I think we can all guess a person’s style by their tattoos, more or less. For example, a person with a lotus flower or writing in a language they don’t speak is probably a spiritual person in tune with good energy or vibes. Or a person with a compass or map may have gone backpacking on a quest to find themselves. (No judgment, and no judgment about my tattoos and what they probably say about me.)
Of course, tattoos don’t have to have a specific meaning. They’re just cool and a way to decorate the canvas that is our skin. So why the negative stigma? Why the nervousness and need to hide them?
For Arbel, it’s not right to place someone in a box because they have tattoos, though she thinks people ought to be responsible.
“If [someone is] 18 years old and doesn’t even have a job yet and gets knuckle or hand tats, that’s kind of gnarly…I think that you should chill with getting super crazy tattoos until you have a solidified job and income and everything.”
“I respect anyone that doesn’t want tattoos but when I talk about getting a tattoo to my sister and she says, ew don’t get that—I don’t like that at all.

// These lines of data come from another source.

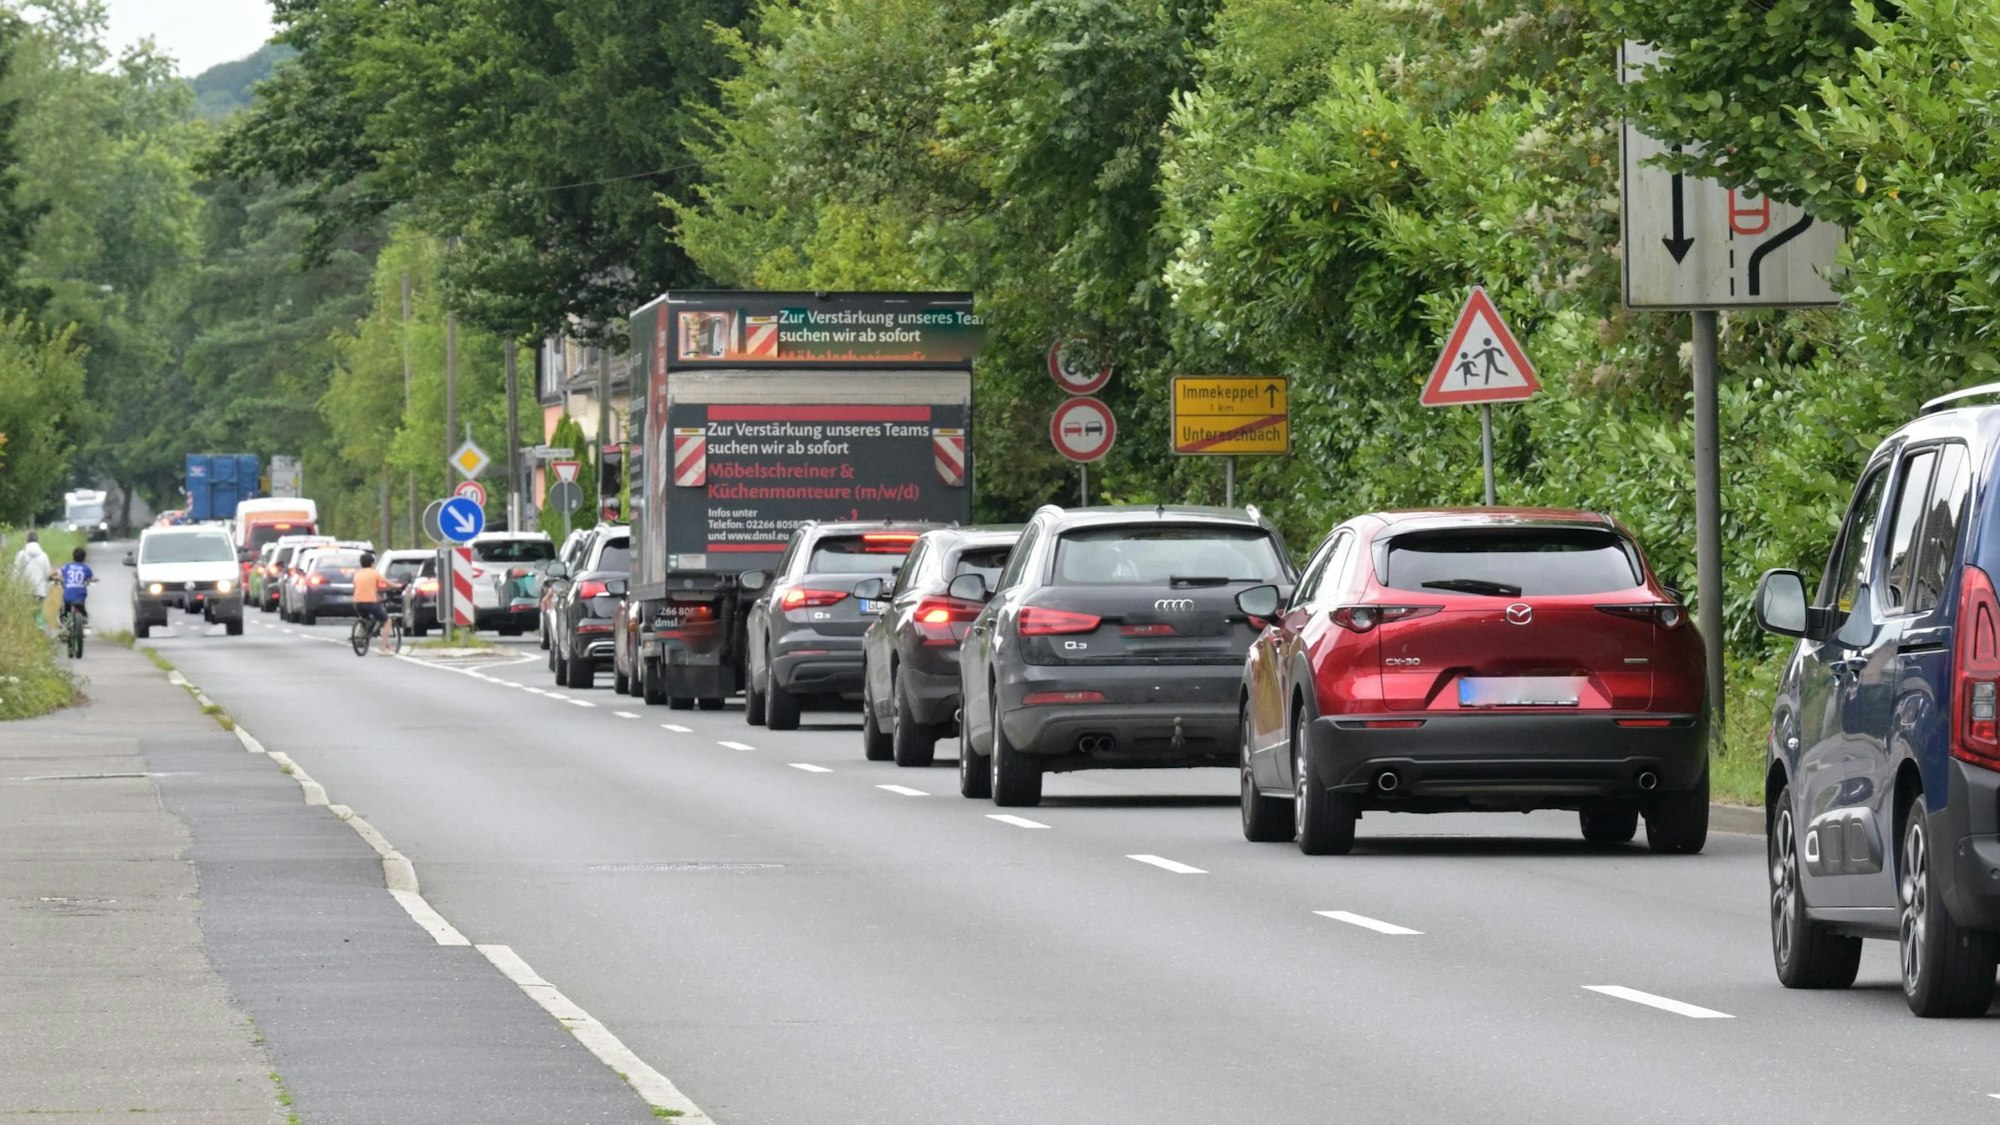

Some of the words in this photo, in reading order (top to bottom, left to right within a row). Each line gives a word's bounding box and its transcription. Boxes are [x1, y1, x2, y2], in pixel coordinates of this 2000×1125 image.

[779, 310, 804, 324] Zur
[807, 310, 894, 326] Verstärkung
[899, 311, 953, 324] unseres
[780, 329, 829, 342] suchen
[832, 329, 855, 342] wir
[859, 329, 876, 342] ab
[879, 328, 921, 342] sofort
[1183, 384, 1259, 402] Immekeppel
[1210, 403, 1215, 412] 1
[1218, 403, 1234, 412] km
[707, 422, 732, 436] Zur
[735, 421, 822, 438] Verstärkung
[826, 423, 881, 437] unseres
[884, 423, 929, 437] Teams
[1183, 426, 1280, 441] Untereschbach
[707, 441, 758, 454] suchen
[761, 441, 784, 454] wir
[786, 441, 805, 454] ab
[807, 440, 849, 454] sofort
[708, 462, 836, 478] Möbelschreiner
[840, 463, 854, 478] &
[708, 482, 850, 499] Küchenmonteure
[854, 483, 919, 502] (m/w/d)
[708, 507, 730, 517] Infos
[732, 509, 758, 517] unter
[708, 519, 744, 529] Telefon:
[746, 520, 774, 529] 02266
[708, 531, 726, 540] und
[728, 531, 789, 540] www.dmsl.eu
[67, 570, 85, 584] 30
[814, 611, 831, 619] Q3
[1064, 640, 1088, 650] Q3
[1385, 657, 1421, 666] CX-30

I don’t think there’s a problem with it, it’s self-expression at the end of the day. And if it makes someone feel good about themselves, there’s no reason for anyone to think down on it. And it’s a bummer, but it totally makes sense. Tattoos were a strictly gang-affiliated thing back in the day. I feel like it’s mostly the older generations that are really strict about what they think about them. I think anyone that grows up in our generation is definitely way more chill about it.”

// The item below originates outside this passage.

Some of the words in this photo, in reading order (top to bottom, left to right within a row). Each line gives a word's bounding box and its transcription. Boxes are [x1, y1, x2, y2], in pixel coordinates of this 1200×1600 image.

It’s true that tattoos were tied with gang association, and media depiction didn’t help portray them in a positive light either. The archetypal Bad Boy or the older Scary Guy in movies and television wasn’t without ink, and teen rebellion meant secretly getting a tattoo. But would it still be considered rebellion if tattoos weren’t seen as such a taboo? Not to say that tattoos should be the norm, because everyone has different reasons for deciding not to be permanently inked, but they should not be the deciding factor on whether someone is a “good” or “bad” person.
“So, what do you have to say to my mom, other moms, or anyone else who buys into the negative stigma around tattoos?” I asked as she was finishing up on my fifth one.
“I think that back in the day, there was just one very basic style of tattooing, which was like thick lines, colorful, really aggressive tattoos,”—you know the kind—“which I can see, being on your innocent child, looks kind of trashy. But at this point, there are such delicate, almost elegant tattoos that are more artistic. As long as your child does their research and gets something of good quality and it doesn’t look bad…Like, if you just walked in a shop and tried to get these sparkles, they’d be thick and ugly and janky. At least you are smart enough to get it well done.”
And she’s right, they do look good.
I left the black chair with new fairy-esque sparkles dusted on my shoulder and an exquisitely drawn crown on my other arm (make of that what you will). I will hide these from my mom as long as I can, but when she inevitably sees them, I think there’ll be some admiration for the fine line work in between the lecturing and shaking of the head.
Tattoos have been around and they’re going to stay around. It’s time that the concern be less about what tattoos imply about a person’s character, and more about the permanence of them and what people decide to get—because if we’re being honest, we make questionable choices sometimes. Either way, I’m probably (absolutely) going to get more, most likely (definitely) by Arbel, and doubtless to a certain family member’s disapproval. Sorry, mom.